There is no reason it should be different from any other sugar. I use 45 ppg and get the gravities I expect, so I would have to say that 46 is closer than 38. I suppose it could vary by brand if one brand somehow cut the sugar with something else, but I'm not aware of that actually happening. BTW, candi sugar rocks are a waste of money. Belgian brewers don't use it. They use either candi syrup or plain beet or cane sugar (like table sugar).

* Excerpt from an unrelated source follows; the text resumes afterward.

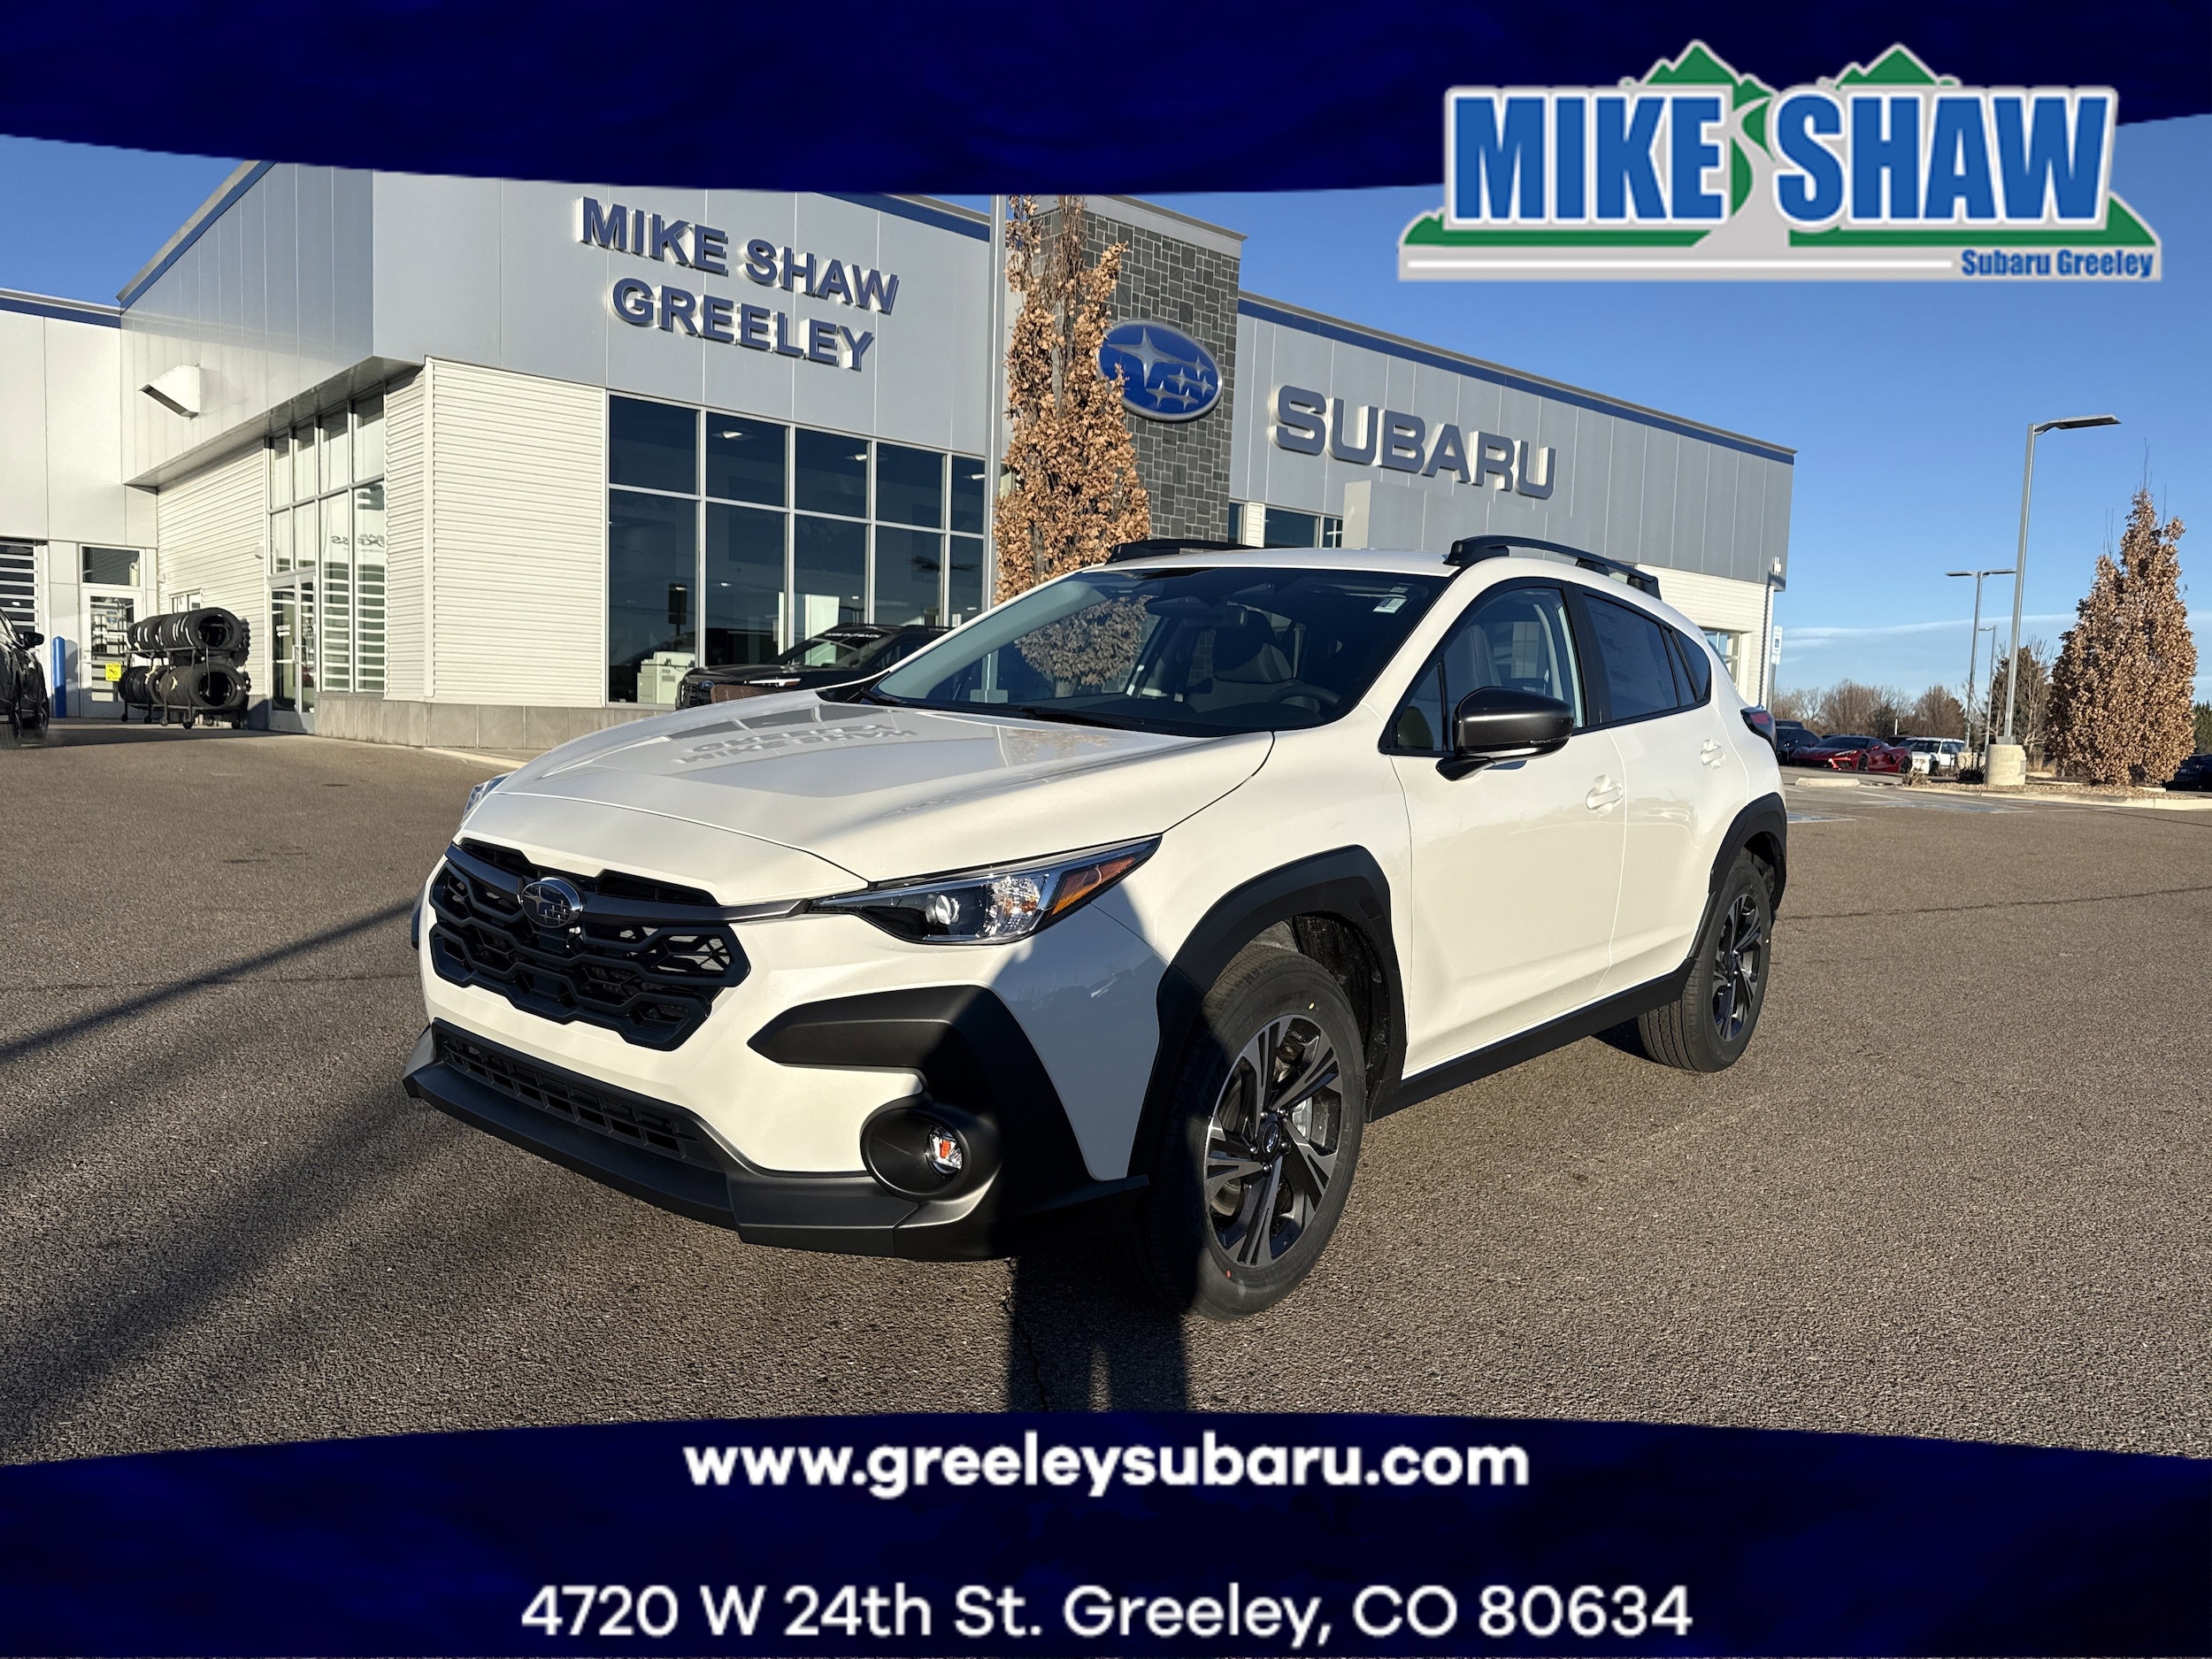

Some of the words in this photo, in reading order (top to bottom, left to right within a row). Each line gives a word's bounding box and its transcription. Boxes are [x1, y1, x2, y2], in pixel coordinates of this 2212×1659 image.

  • Thanks! About what Belgian brewers use, yes, that's what I hear. There seems to be confusion in the literature about this. For example, Palmer and Zainasheff both write candi sugar in recipes, claiming that it is more healthy for the yeast. Also, the chemical composition of table sugar varies, AFAIK, from pure sucrose to almost inverted sugar.
    – Nemis L.
    Commented May 14, 2013 at 16:37
  • I can't think of any reason why candi sugar would be healthier for the yeast. It's simply regular sugar that has been crystallized. And I'm not aware of any variability on the composition of table sugar. How could it be "almost" inverted? Could you provide some examples? For the best info about using sugar in Belgian beers, refer to "Brew Like a Mink" by Stan Hieronymous.
    – Denny Conn
    Commented May 14, 2013 at 17:51
  • I just consulted Jamil's "Brewing Classic Styles". All the Belgian recipes that use sugar specify cane sugar and/or candi syrup. None that I read use rock candi.
    – Denny Conn
    Commented May 14, 2013 at 17:55
  • You are right, and thanks for the reference! I am actually brewing "Lefty Blonde", and puched in the recipe a while ago. About invert sugar etc: I am sure I have "read somewhere" that inverted sugar is more healthy for the yeast than sucrose, the reasone related to the yeast avoiding invertase production in the former. AFAIK inverted sugar = sucrose split into glucose and fructose by hydrolyzation (i.e., using invertase from yeast). I have, again, "read somewhere" that table sugar can contain a mixture of sucrose, fructose and glucose. Hence the range of inversion...I may be wrong of course.
    – Nemis L.
    Commented May 14, 2013 at 18:51
  • There is a persistent idea that inverted sugar is easier for the yeast to break down. While that may hold true from a chemistry perspective, the reality is that yeast has no problem breaking down non inverted sugar. At any rate, the sugar will become inverted in the kettle due to the heat and acids present.